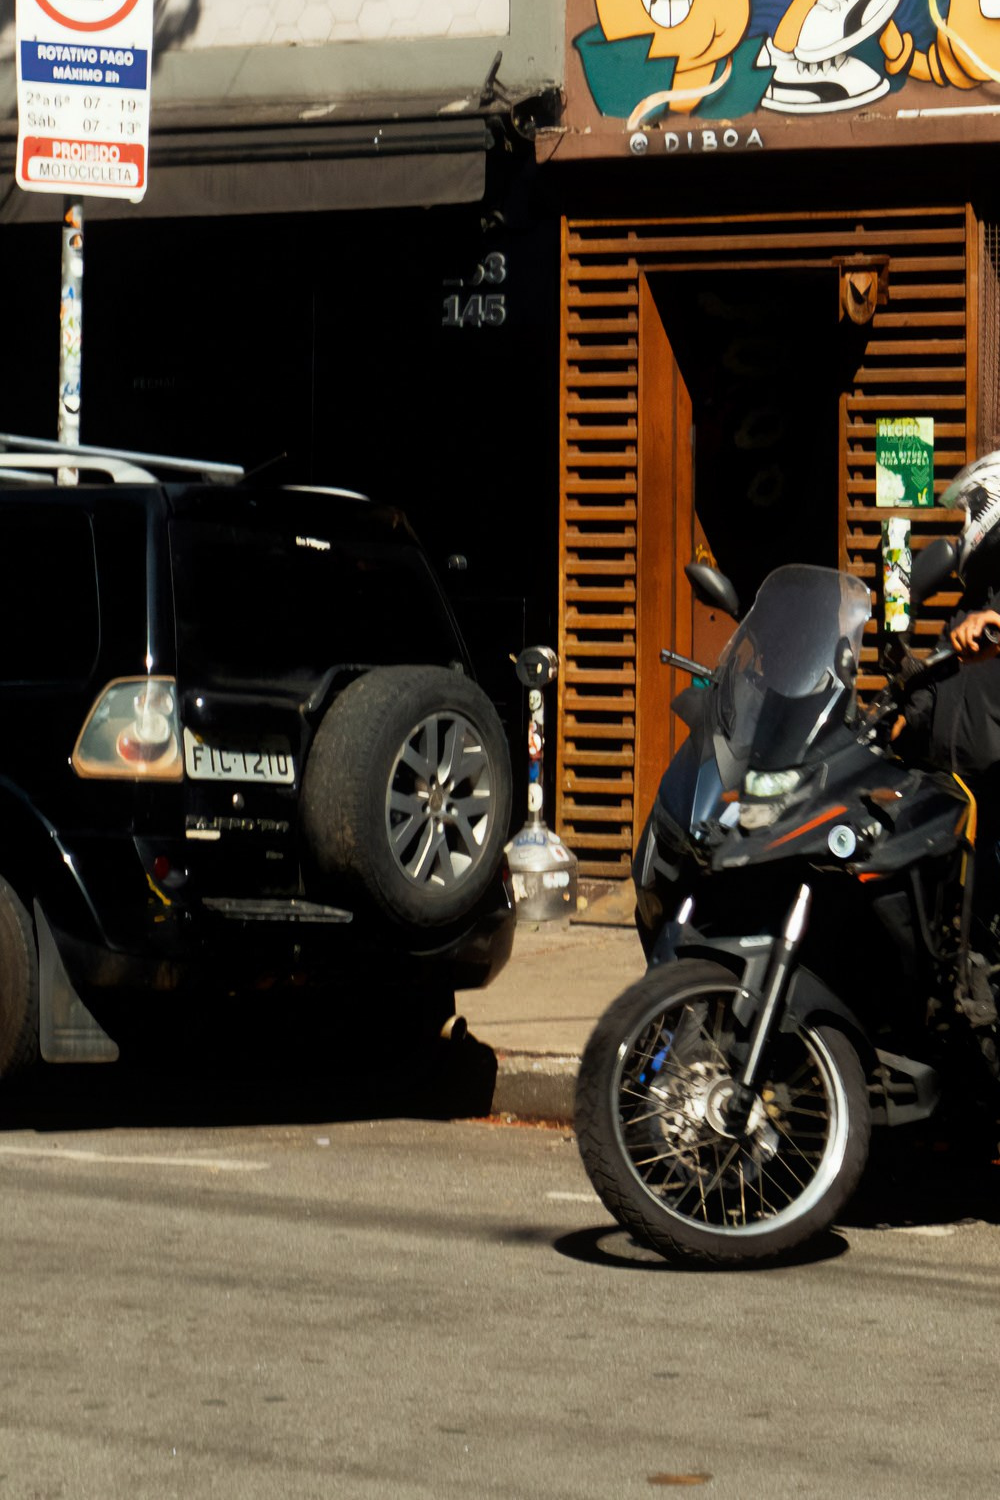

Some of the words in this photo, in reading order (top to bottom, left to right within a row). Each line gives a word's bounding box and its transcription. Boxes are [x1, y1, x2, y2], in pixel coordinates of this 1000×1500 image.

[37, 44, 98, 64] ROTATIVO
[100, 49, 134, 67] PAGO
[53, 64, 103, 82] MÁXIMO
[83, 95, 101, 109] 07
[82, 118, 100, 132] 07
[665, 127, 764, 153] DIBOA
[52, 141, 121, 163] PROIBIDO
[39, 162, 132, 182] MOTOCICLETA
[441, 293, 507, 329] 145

**About this exercise:** Your task is a word-for-word transcription of the entries, leaving out all pictures.

**Answer to the exercise:**
Some of the words in this photo, in reading order (top to bottom, left to right within a row). Each line gives a word's bounding box and its transcription. Boxes are [x1, y1, x2, y2], in pixel coordinates of this 1000×1500 image.

[37, 44, 98, 64] ROTATIVO
[100, 49, 134, 67] PAGO
[53, 64, 103, 82] MÁXIMO
[83, 95, 101, 109] 07
[82, 118, 100, 132] 07
[665, 127, 764, 153] DIBOA
[52, 141, 121, 163] PROIBIDO
[39, 162, 132, 182] MOTOCICLETA
[441, 293, 507, 329] 145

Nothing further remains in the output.